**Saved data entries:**
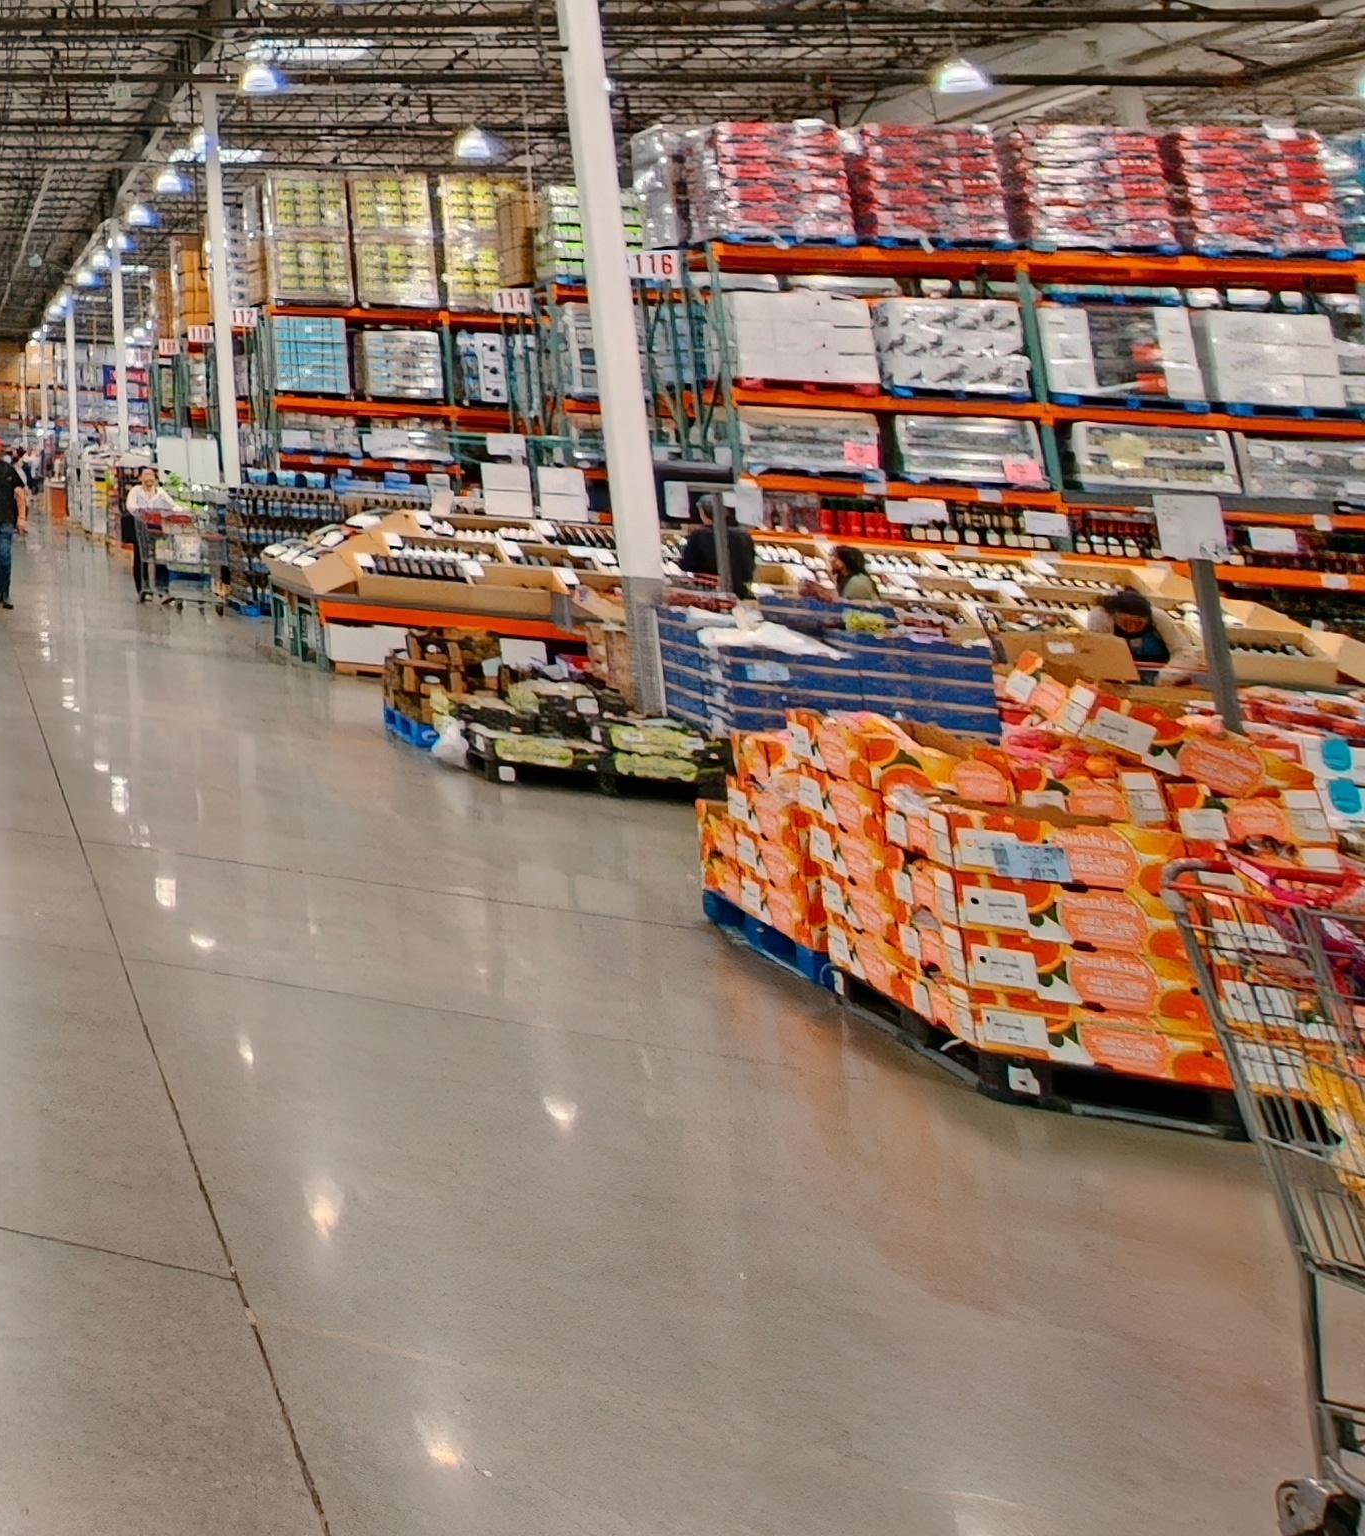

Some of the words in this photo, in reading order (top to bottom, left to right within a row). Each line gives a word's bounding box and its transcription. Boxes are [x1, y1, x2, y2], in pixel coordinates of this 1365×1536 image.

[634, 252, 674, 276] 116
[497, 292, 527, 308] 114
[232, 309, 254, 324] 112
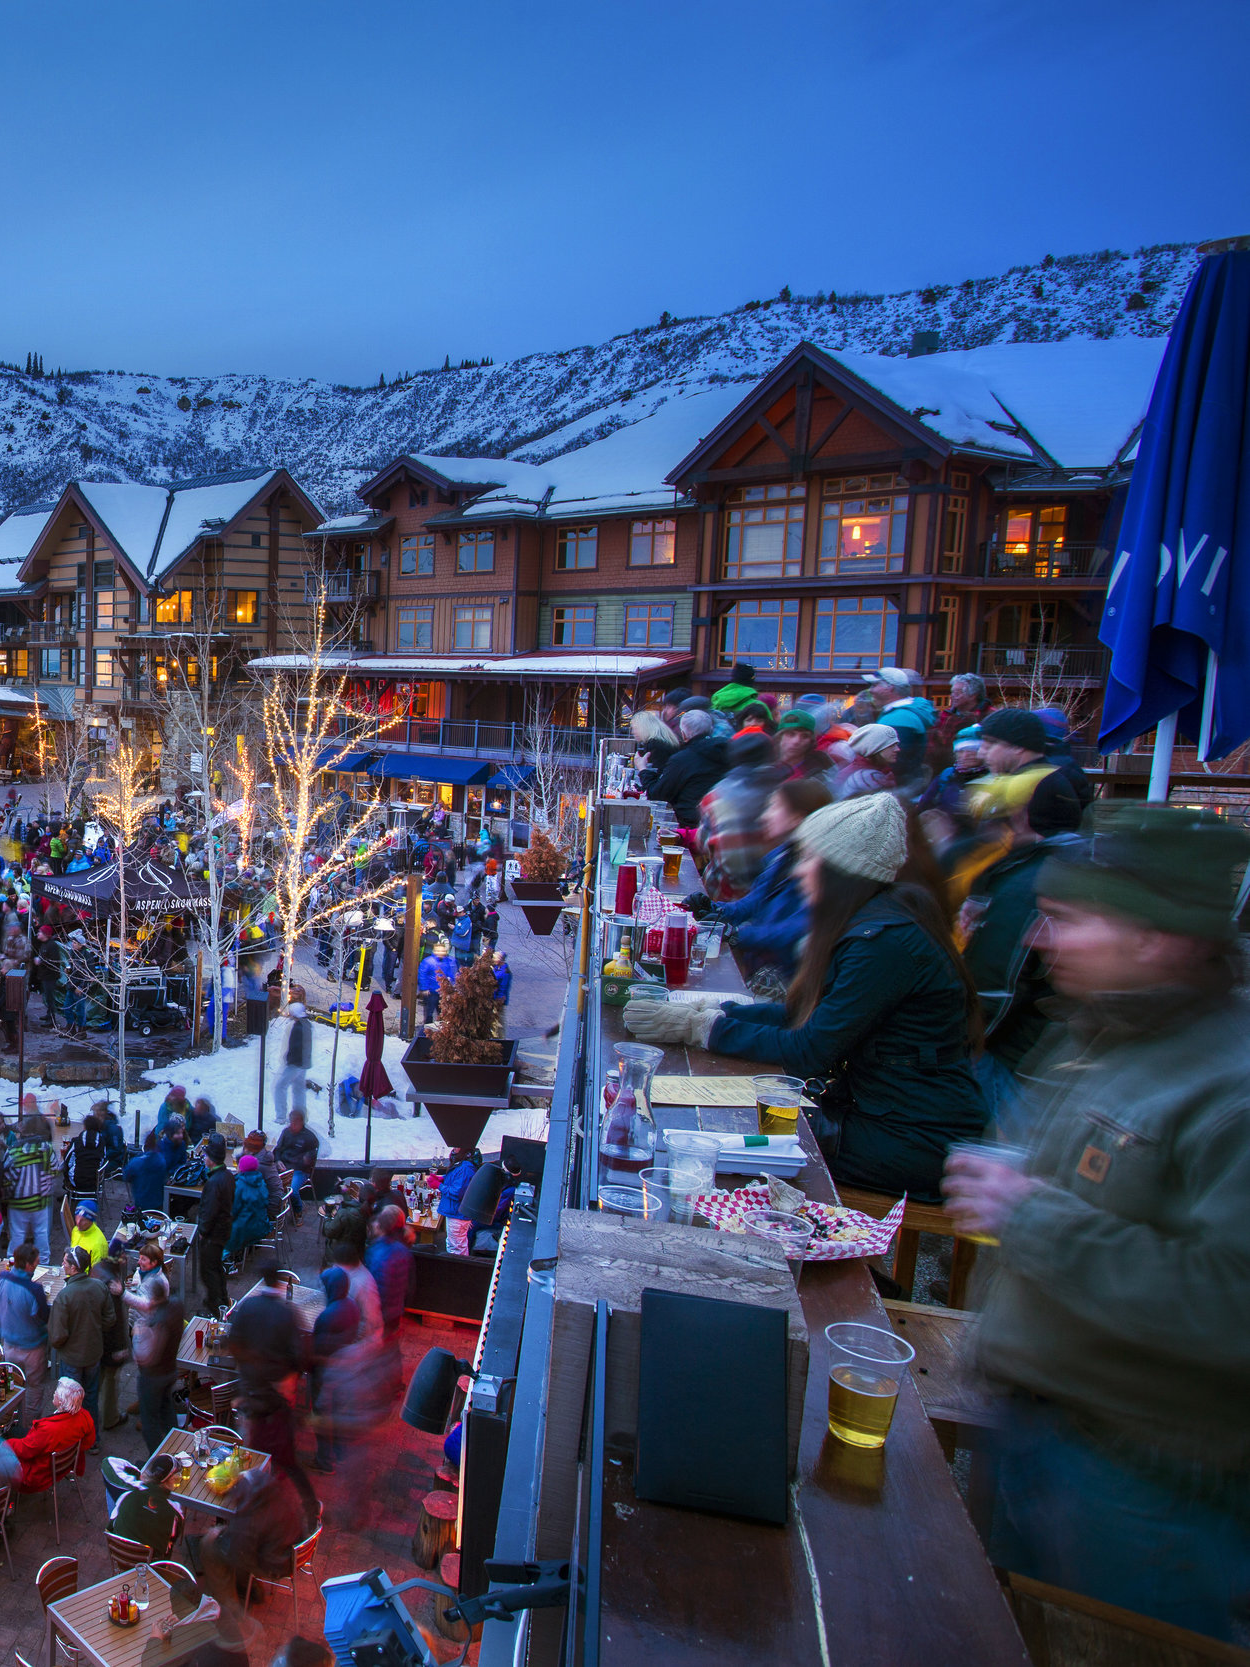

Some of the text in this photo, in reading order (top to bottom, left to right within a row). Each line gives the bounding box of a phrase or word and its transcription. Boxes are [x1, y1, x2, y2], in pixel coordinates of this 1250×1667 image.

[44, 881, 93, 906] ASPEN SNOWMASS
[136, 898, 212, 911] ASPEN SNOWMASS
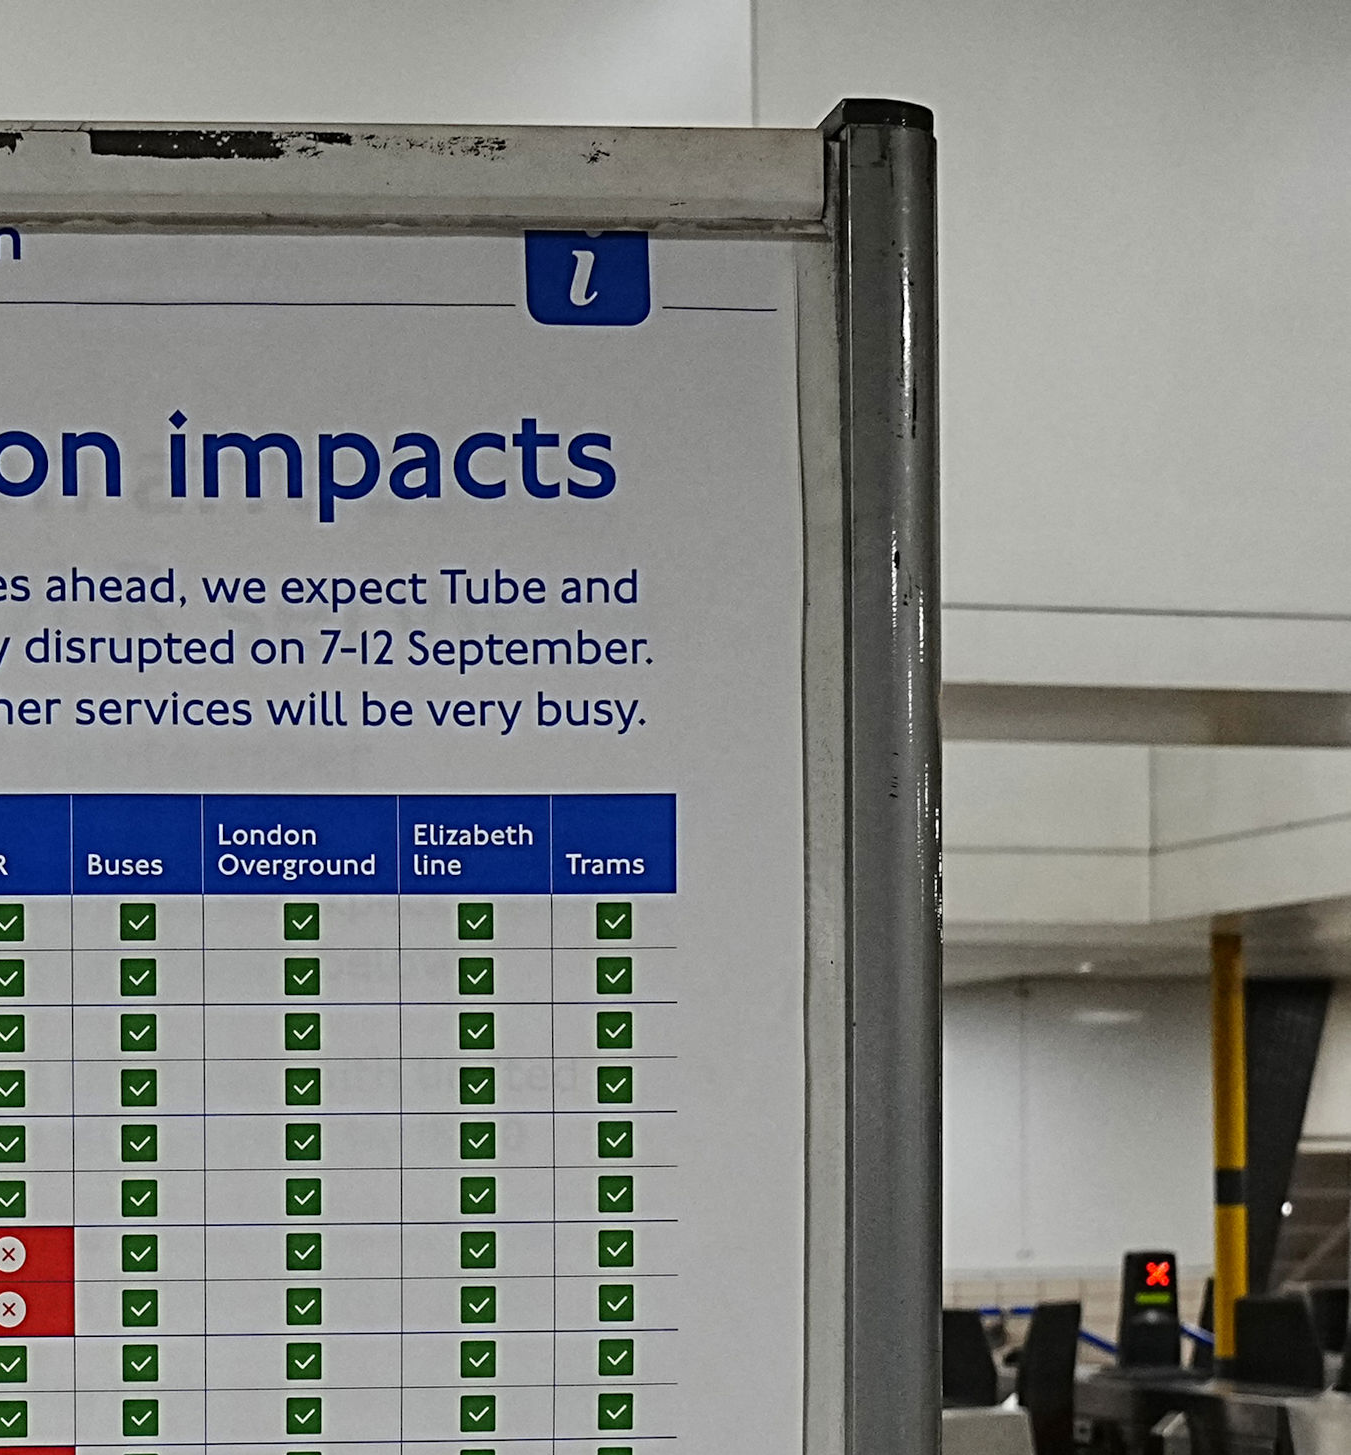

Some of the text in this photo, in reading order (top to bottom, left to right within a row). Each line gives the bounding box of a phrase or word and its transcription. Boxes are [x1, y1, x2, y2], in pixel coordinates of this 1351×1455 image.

**What is required:** Would you reproduce the records exactly as they stand, but without the pictures?

**Result of the task:**
Some of the words in this photo, in reading order (top to bottom, left to right within a row). Each line gives a word's bounding box and its transcription. Boxes are [x1, y1, x2, y2], in pixel coordinates of this 1365×1536 image.

[634, 252, 674, 276] 116
[497, 292, 527, 308] 114
[232, 309, 254, 324] 112

Some of the text in this photo, in reading order (top to bottom, left to right within a row). Each line gives the bounding box of a phrase or word and its transcription. Boxes are [x1, y1, x2, y2], in pixel coordinates of this 1250×1667 image.

[44, 881, 93, 906] ASPEN SNOWMASS
[136, 898, 212, 911] ASPEN SNOWMASS

Some of the text in this photo, in reading order (top to bottom, left to right within a row). Each line gives the bounding box of a phrase or word and its transcription. Boxes are [x1, y1, x2, y2], in pixel coordinates of this 1351×1455 image.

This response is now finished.